Ich möchte diese späte Gelegenheiten mal für ein Statement nutzen: Ich hasse virales Marketing. Das mag ja vor einigen Jahren noch lustig gewesen sein, jetzt ist es doch nur ausgelutscht und prätentiös. Zum Beispiel, wenn sich Arcade Fire dazu herabschwingen, Monate vor dem Erscheinen ihres Albums an verschiedenen Orten in größeren Städten weltweit ihr "Reflektor"-Logo, diese Kreuzworträtselraute, hinsprayen zu lassen. Gut, da gehen dann unbescholtene Passanten vorbei und sehen das und denken "Aha" und gehen weiter. Haben die jetzt Lust, ein Arcade Fire Album zu kaufen? Zu googlen, woher dieses Gebilde denn kommt? Sind sie gespannt auf Musik? Nein? Wie denn auch! Und dann diese echt seventiesmäßige Stuntgag, dass die Band sich jetzt "The Reflektors" nennt, aber auch nur aus Spaß, und unter dem Namen sogenannte Secret Gigs spielt oder bei John Stuart auftreten, breit grinsend. Gut, die haben halt Spaß, schön für sie, aber was soll denn das alles? Eher durchgehen kann das "Here Comes The Night Time" Konzertvideo, das sich zwar unverschämt und auch manchmal etwas zu aufdringlich des Promi-Bonus bedient, aber doch irgendwie ein gutes Gefühl vermittelt, wo man auch etwas von dem Spaß abhaben kann, den Arcade Fire anscheinend gerade haben mit ihrer neuen Musik und Platte und Kampagne.

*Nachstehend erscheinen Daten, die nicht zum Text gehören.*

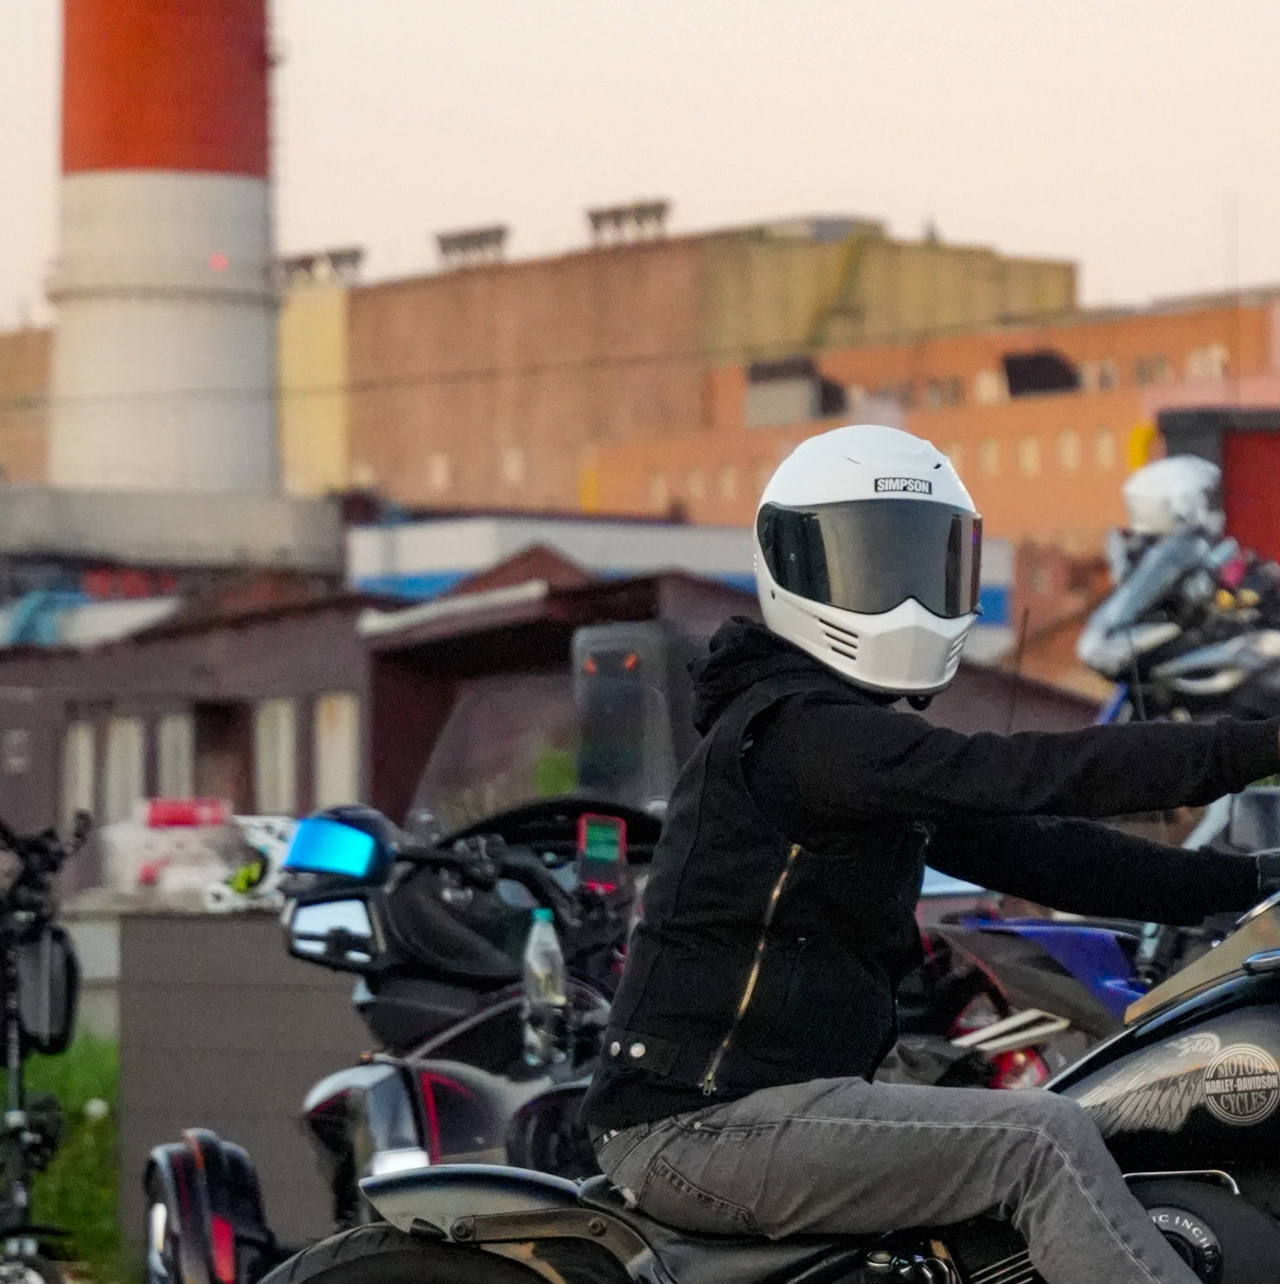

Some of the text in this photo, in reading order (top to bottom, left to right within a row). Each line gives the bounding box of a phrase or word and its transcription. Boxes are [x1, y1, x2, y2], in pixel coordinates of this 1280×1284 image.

Der eigentliche Gag ist aber doch, wie wenig Arcade Fire diesen Schnickschnack brauchen. Nicht erst seit dem Grammy für "The Suburbs" liegen denen doch wirklich alle zu Füßen, die was mit Musik am Hut haben. Wen interessiert da, ob avid Bowie auf dem Titelstück im Background singt? Diese Band braucht doch wirklich nur sich selbst und besteht immerhin aus ordentlich vielen Kernmitgliedern und x-vielen Semi-Mitgliedern aus dem Montréal Pool um Broken Social Scene, Stars, Owen Pallett etc. Und wer "Reflektor" gehört hat, der braucht sich sowieso nur zu fragen, warum diese Band sich mehr und mehr auf das Name- und Facedropping befreundeter Kollegen verlässt. Weder Bono noch ettliche Saturday Night Live Alumni oder der Coppola-Clan  können dieser Band mit der astreinen weißen musikalischen Weste hinzufügen, was diese nicht schon selbst hinzugefügt hätten.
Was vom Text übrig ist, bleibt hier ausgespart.